- ABOUT THIS EXERCISE: Word for word, output the data, with none of its pictures.

- RECORDED DATA:
== == ==
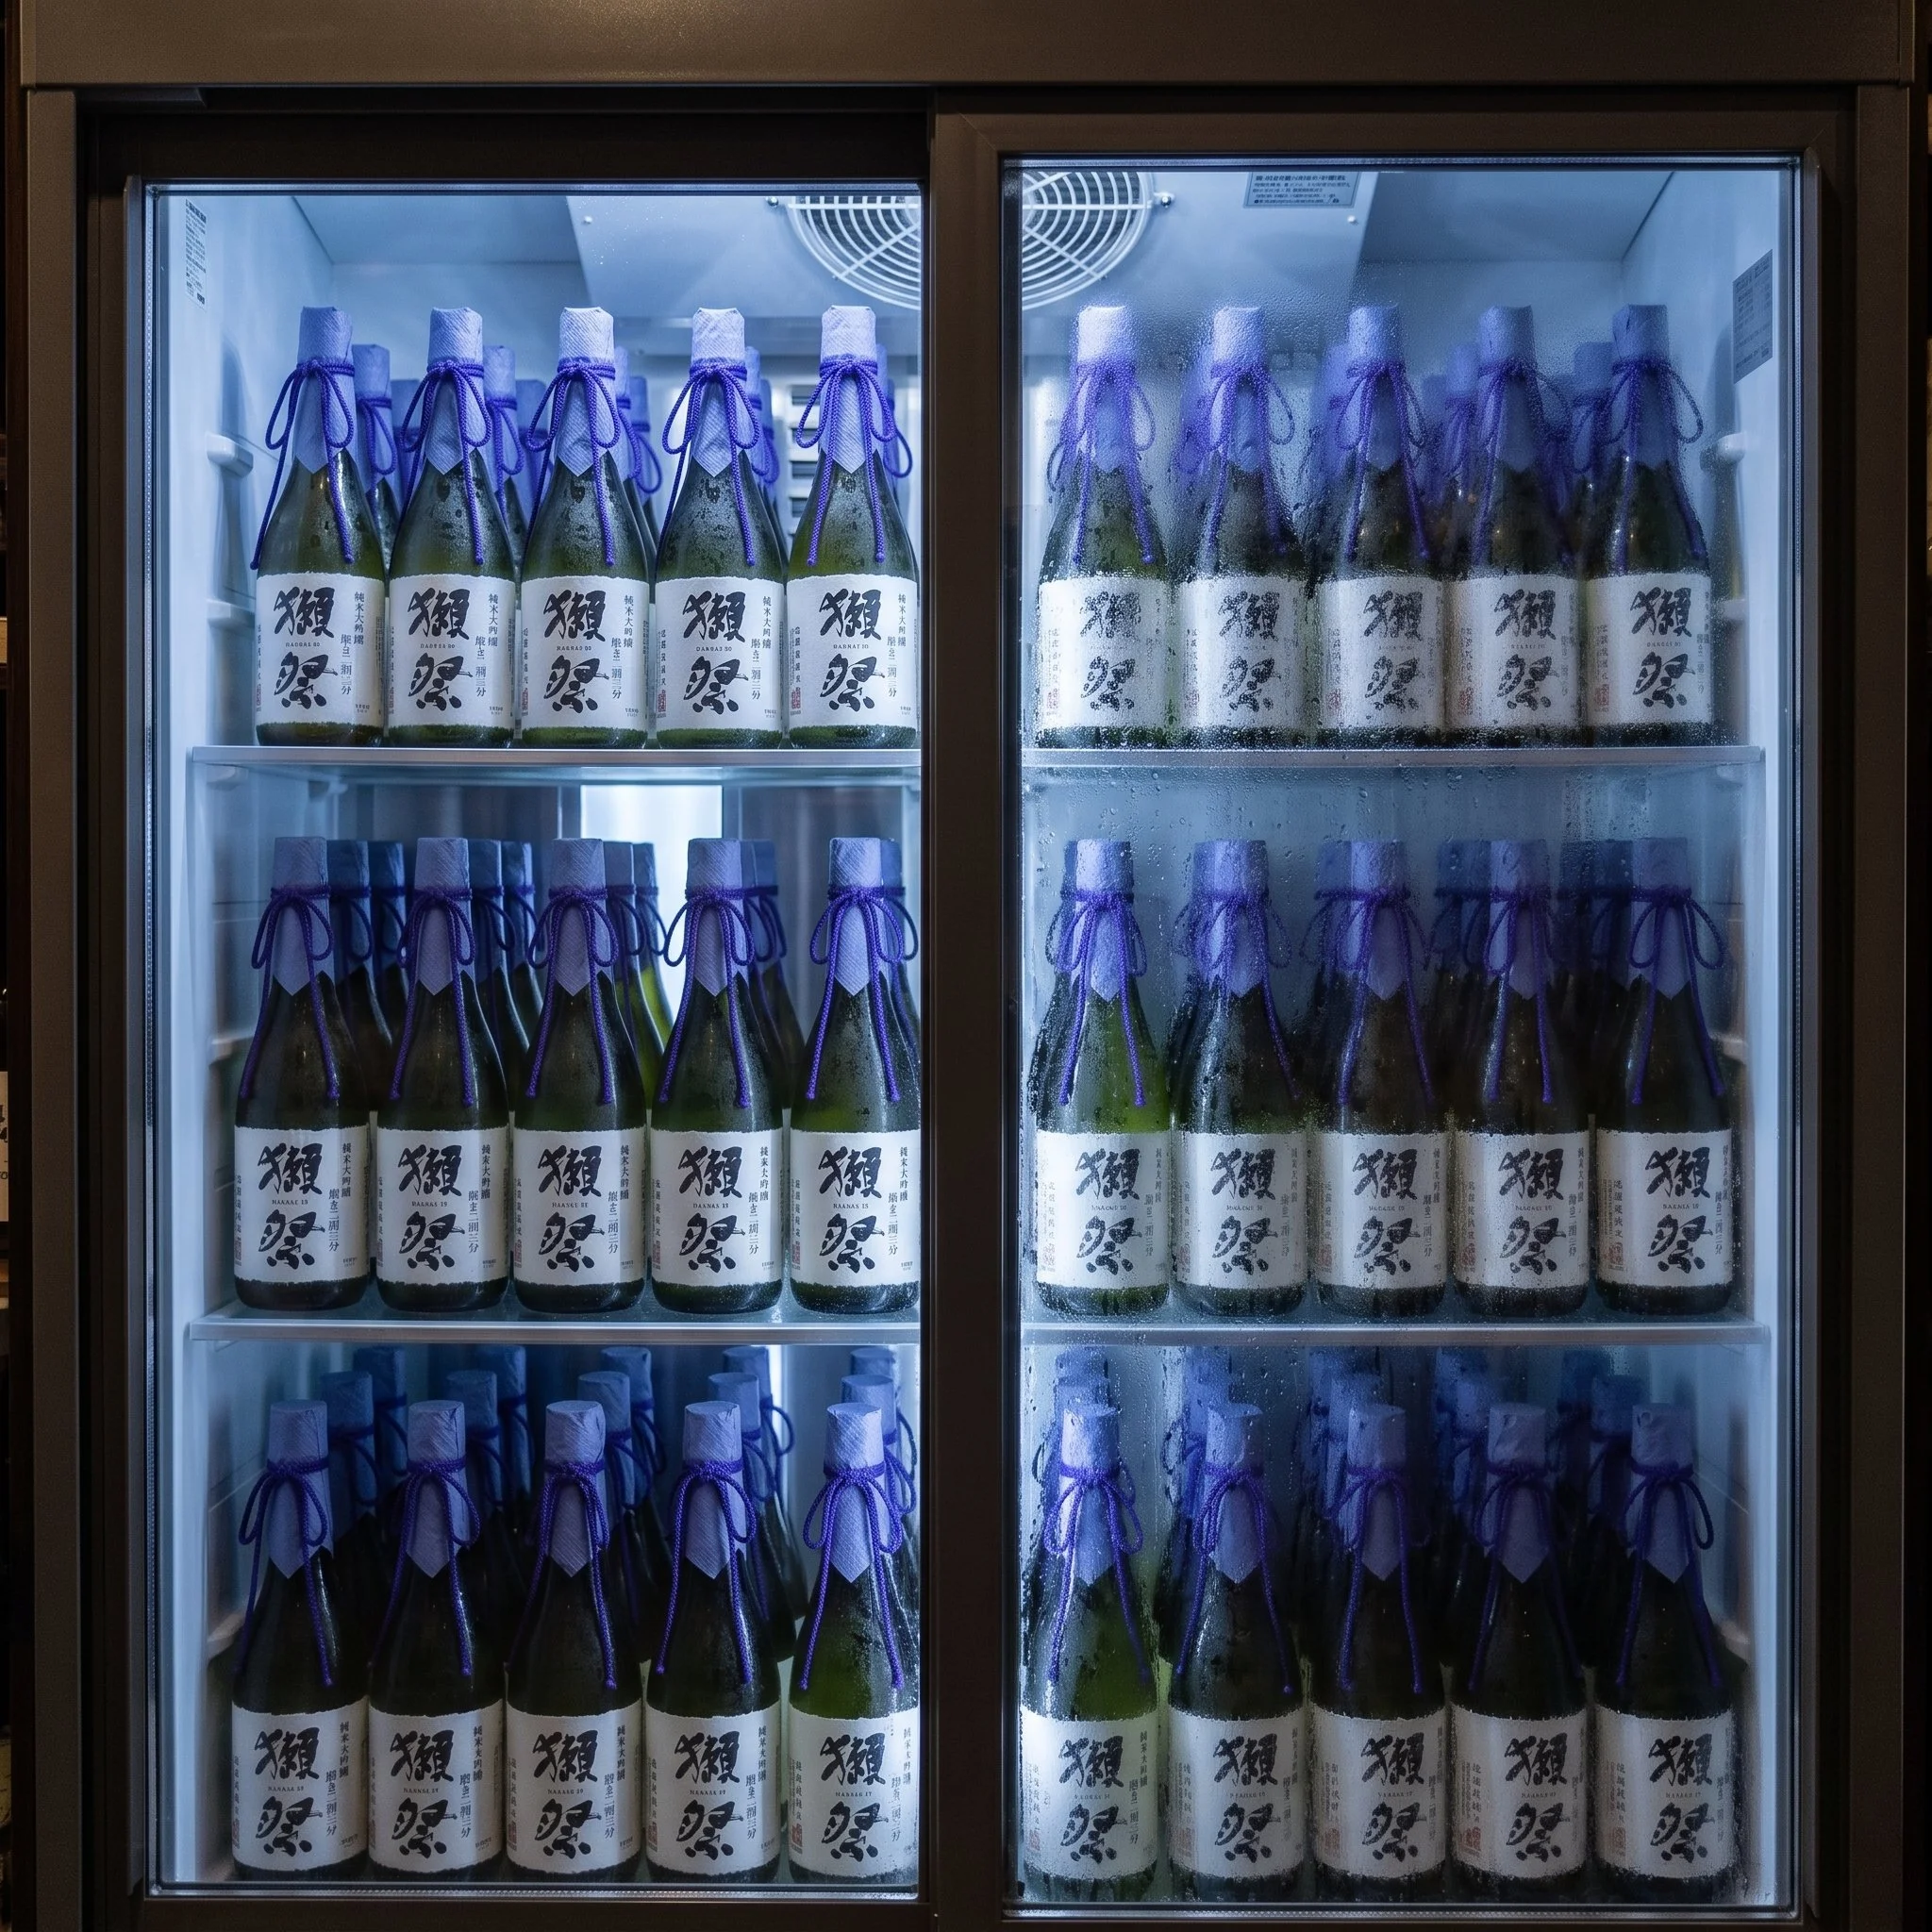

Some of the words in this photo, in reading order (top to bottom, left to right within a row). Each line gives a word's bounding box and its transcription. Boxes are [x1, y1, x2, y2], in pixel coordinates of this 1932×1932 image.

[274, 586, 337, 709] 獺祭
[408, 587, 472, 711] 獺祭
[543, 589, 608, 714] 獺祭
[682, 590, 748, 715] 獺祭
[819, 588, 883, 712] 獺祭
[258, 1141, 325, 1270] 獺祭
[397, 1143, 464, 1272] 獺祭
[537, 1144, 604, 1273] 獺祭
[677, 1145, 744, 1273] 獺祭
[818, 1146, 884, 1274] 獺祭
[254, 1727, 322, 1857] 獺祭
[390, 1729, 456, 1859] 獺祭
[532, 1729, 601, 1859] 獺祭
[674, 1731, 742, 1860] 獺祭
[819, 1733, 887, 1862] 獺祭
== == ==
- COMPLETED EXERCISE:
Some of the words in this photo, in reading order (top to bottom, left to right within a row). Each line gives a word's bounding box and its transcription. Boxes are [x1, y1, x2, y2], in pixel coordinates of this 1932×1932 image.

[274, 586, 337, 709] 獺祭
[408, 587, 472, 711] 獺祭
[543, 589, 608, 714] 獺祭
[682, 590, 748, 715] 獺祭
[819, 588, 883, 712] 獺祭
[258, 1141, 325, 1270] 獺祭
[397, 1143, 464, 1272] 獺祭
[537, 1144, 604, 1273] 獺祭
[677, 1145, 744, 1273] 獺祭
[818, 1146, 884, 1274] 獺祭
[254, 1727, 322, 1857] 獺祭
[390, 1729, 456, 1859] 獺祭
[532, 1729, 601, 1859] 獺祭
[674, 1731, 742, 1860] 獺祭
[819, 1733, 887, 1862] 獺祭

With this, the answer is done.